_REQUIRED WORK_: Where the listing shows an image, skip it and output all other material unchanged.

=== DATA TO PROCESS ===

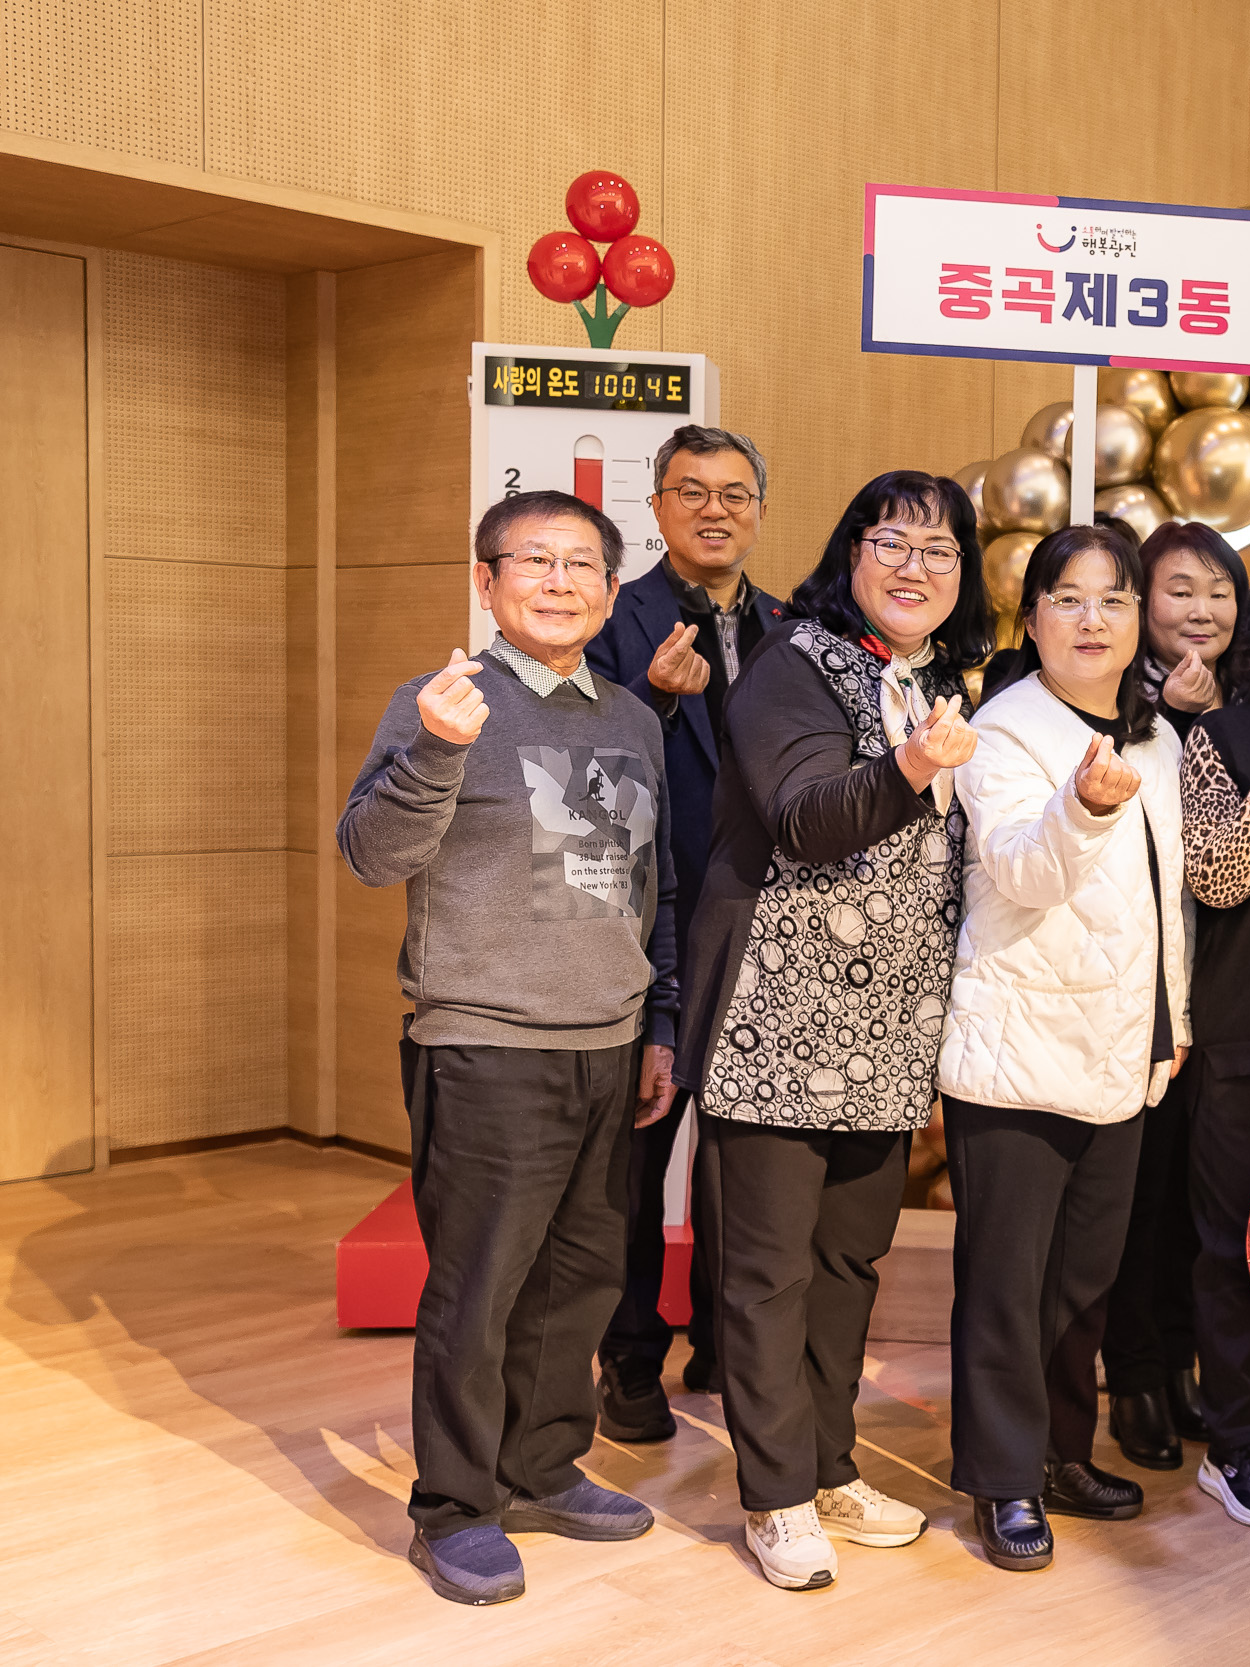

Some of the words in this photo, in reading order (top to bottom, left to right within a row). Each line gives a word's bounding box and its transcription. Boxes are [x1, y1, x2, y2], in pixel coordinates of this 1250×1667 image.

[1082, 238, 1137, 258] 행복광진
[938, 263, 1231, 335] 중곡제3동
[492, 365, 542, 397] 사랑의
[547, 367, 580, 397] 온도
[645, 538, 663, 551] 80
[568, 810, 626, 820] KANGOL
[578, 840, 597, 848] Born
[599, 839, 624, 848] British
[590, 852, 604, 861] but
[606, 852, 628, 861] raised
[580, 882, 598, 890] New
[599, 881, 618, 889] York
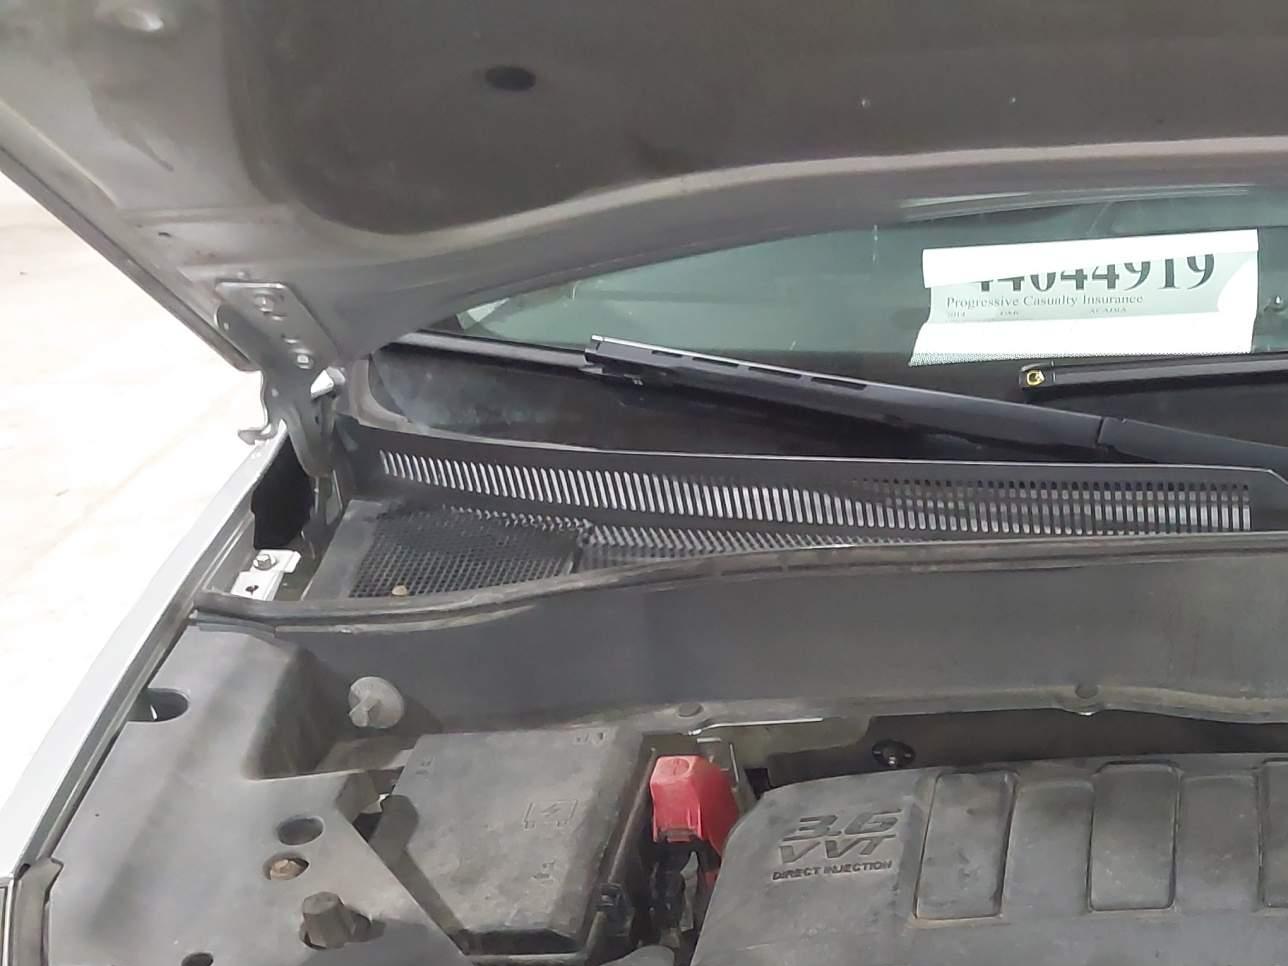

===

_RESPONSE AREA_:
Some of the words in this photo, in reading order (top to bottom, left to right within a row). Each line gives a word's bounding box and its transcription. Boxes are [x1, y1, x2, y2], in pixel coordinates of this 1250×1667 image.

[1082, 238, 1137, 258] 행복광진
[938, 263, 1231, 335] 중곡제3동
[492, 365, 542, 397] 사랑의
[547, 367, 580, 397] 온도
[645, 538, 663, 551] 80
[568, 810, 626, 820] KANGOL
[578, 840, 597, 848] Born
[599, 839, 624, 848] British
[590, 852, 604, 861] but
[606, 852, 628, 861] raised
[580, 882, 598, 890] New
[599, 881, 618, 889] York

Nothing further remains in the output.